The Blocking of c-Met Signaling Induces Apoptosis through the Increase of p53 Protein in Lung Cancer.
- Author:
Hae Yun JUNG
1
;
Hyun Jung JOO
;
Jong Kuk PARK
;
Yeul Hong KIM
Author Information
1. Brain Korea 21 Project for Biomedical Science, Korea University College of Medicine, Seoul, Korea. yhk0215@korea.ac.kr
- Publication Type:Original Article
- Keywords:
((3Z)-N-(3-chlorophenyl)-3-((3,5-dimethyl-4-((4-methylpiperazin-1-yl)carbonyl)-1H-pyrrol-2-yl)methylene)-N-methyl-2-oxo-2;
3-dihydro-1H-indole-5-sulfonamide);
Tumor suppressor protein p53;
Apoptosis;
Lung neoplasms;
Molecular targeted therapy
- MeSH:
Apoptosis;
Blotting, Western;
Caspase 3;
Down-Regulation;
Flow Cytometry;
Growth Inhibitors;
Humans;
Indoles;
Lung;
Lung Neoplasms;
Molecular Targeted Therapy;
Piperazines;
Protein-Tyrosine Kinases;
Puma;
Sulfonamides;
Transplantation, Heterologous;
Tumor Burden;
Tumor Suppressor Protein p53;
Up-Regulation
- From:Cancer Research and Treatment
2012;44(4):251-261
- CountryRepublic of Korea
- Language:English
-
Abstract:
PURPOSE: c-Met is an attractive potential target for novel therapeutic inhibition of human cancer, and c-Met tyrosine kinase inhibitors (TKIs) are effective growth inhibitors of various malignancies. However, their mechanisms in anticancer effects are not clear. In the present study, we investigated the possibility that blocking c-Met signaling induces p53-mediated growth inhibition in lung cancer.
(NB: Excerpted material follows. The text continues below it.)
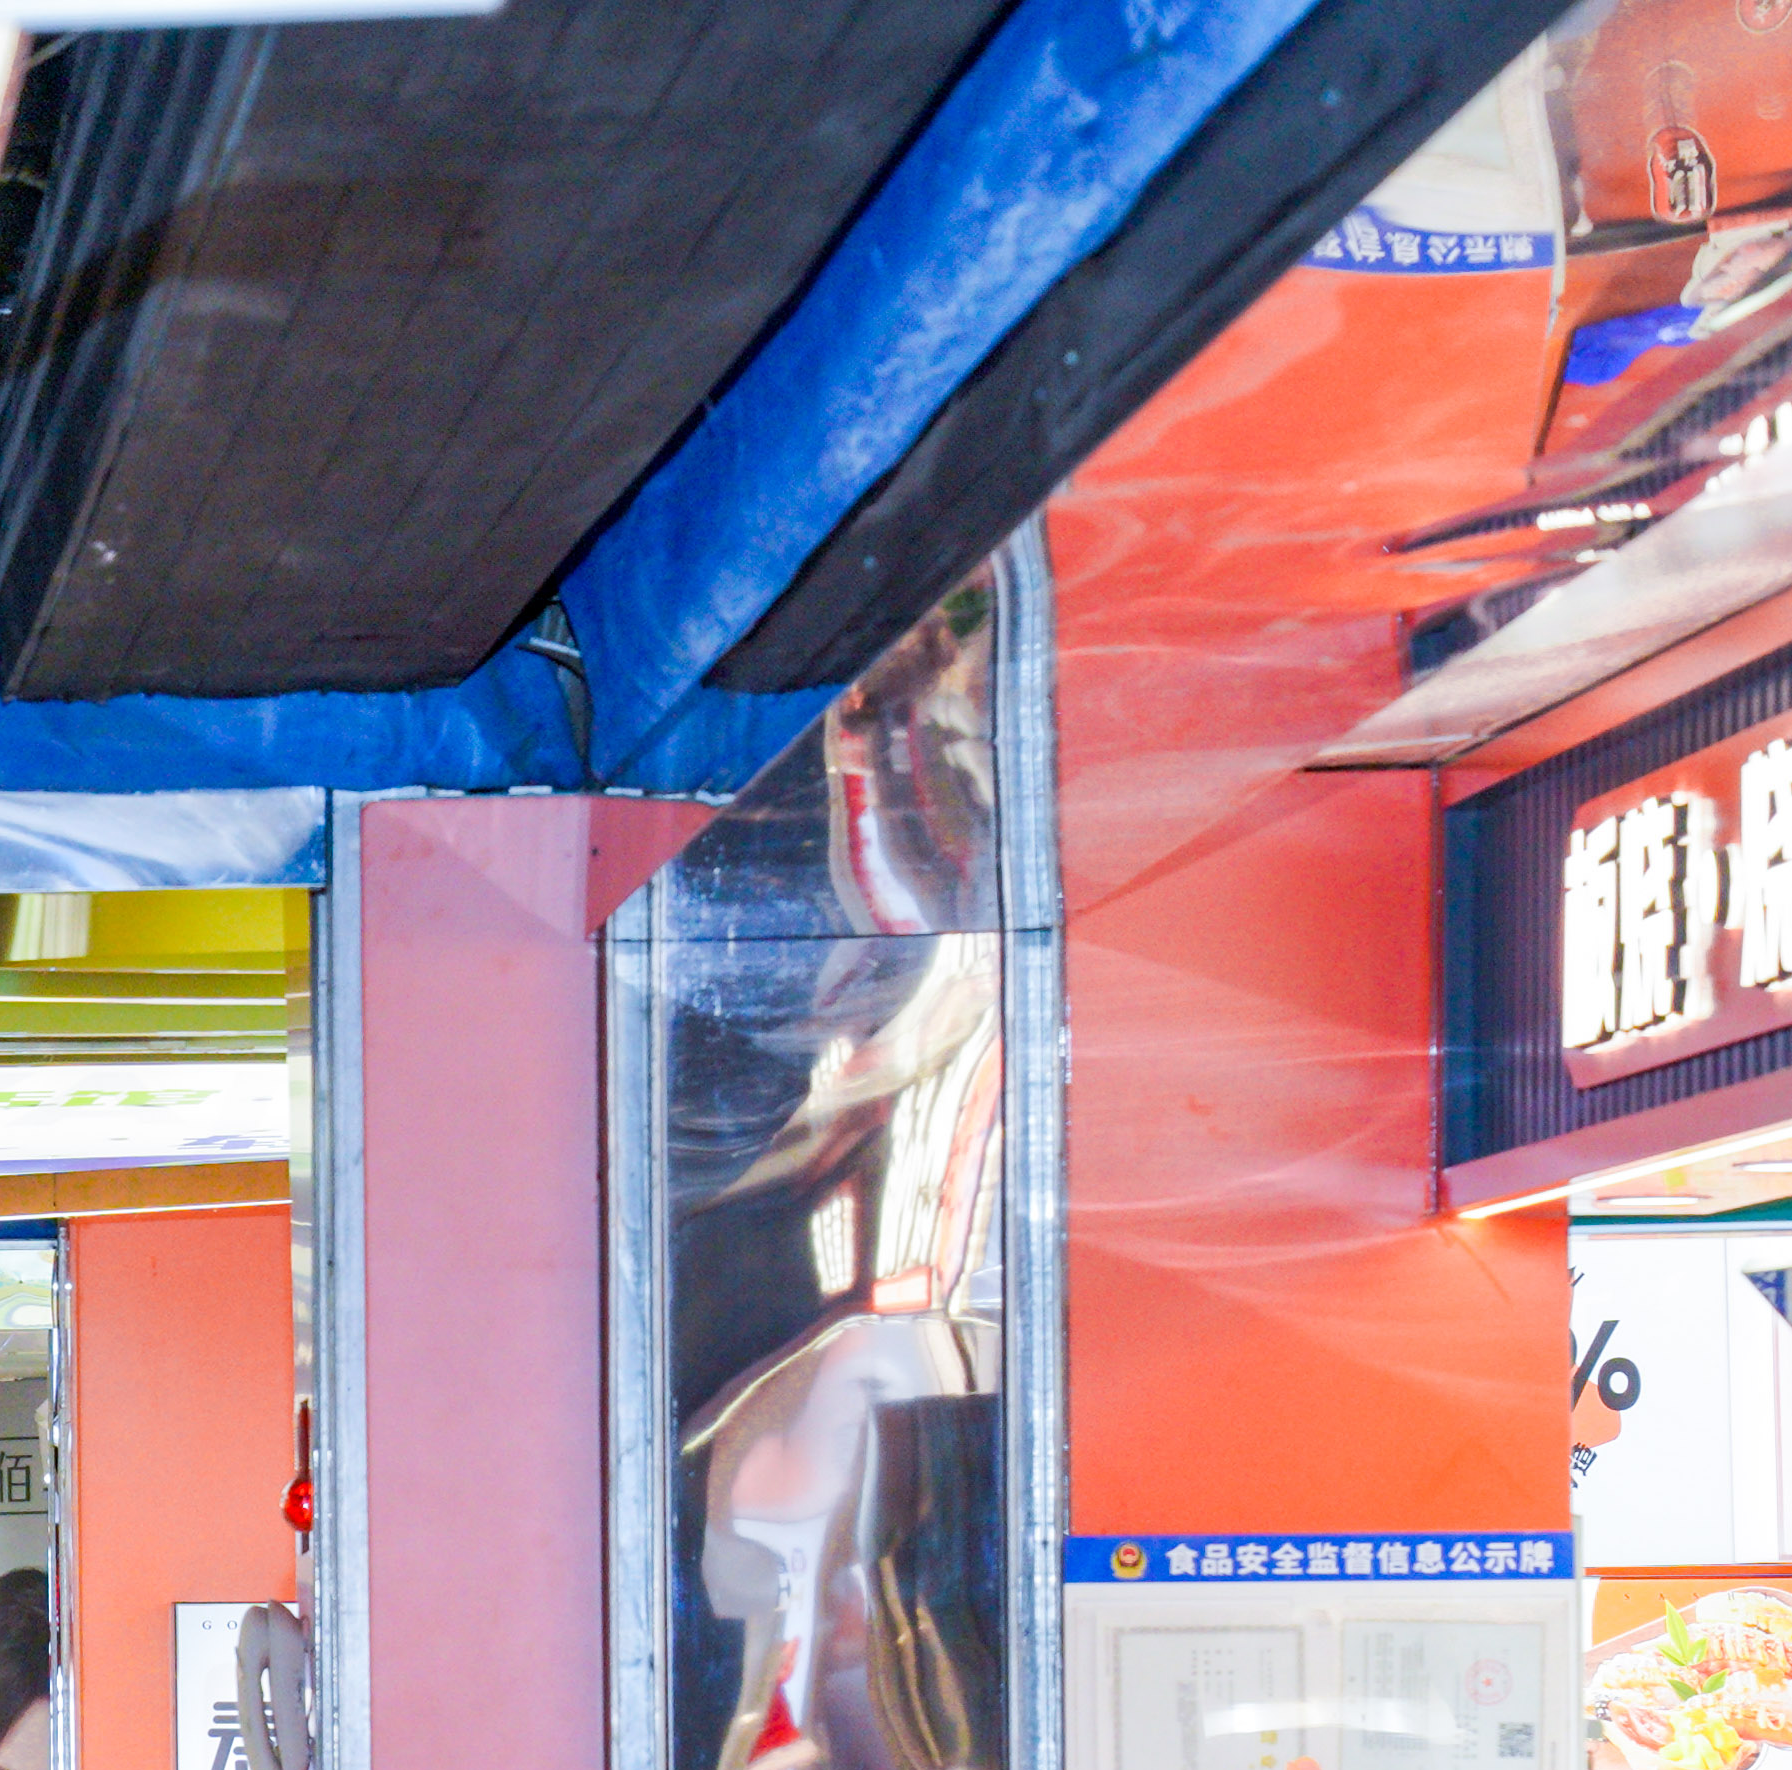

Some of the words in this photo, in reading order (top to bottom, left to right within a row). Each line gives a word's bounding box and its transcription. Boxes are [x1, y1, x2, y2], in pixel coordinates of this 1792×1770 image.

MATERIALS AND METHODS: The growth inhibitory effects of c-Met TKI (SU11274) on lung cancer cells and a xenograft model were assessed using the MTT assay, flow cytometry, and terminal deoxyribonucleotide transferase-mediated nick-end labeling staining. The role of p53 protein in the sensitivity of c-Met TKI (SU11274) was examined by Western blot analysis and immunohistochemistry. RESULTS: SU11274 significantly induced apoptosis in A549 cells with wild-type p53, compared with that in Calu-1 cells with null-type p53. SU11274 increased p53 protein by enhancing the stability of p53 protein. Increased p53 protein by SU11274 induced up-regulation of Bax and PUMA expression and down-regulation of Bcl-2 expression, subsequently activating caspase 3. In p53 knock-out and knock-in systems, we confirmed that SU11274 caused apoptosis through the p53-mediated apoptotic pathway. Likewise, in the A549 xenograft model, SU11274 effectively shrank tumor volume and induced apoptosis via increased p53 protein expression. Blocking c-Met signaling increased the level of p53 protein. CONCLUSION: Our finding suggested that p53 plays an important role in SU11274-induced apoptosis, and p53 status seems to be related to the sensitivity to SU11274 in lung cancer.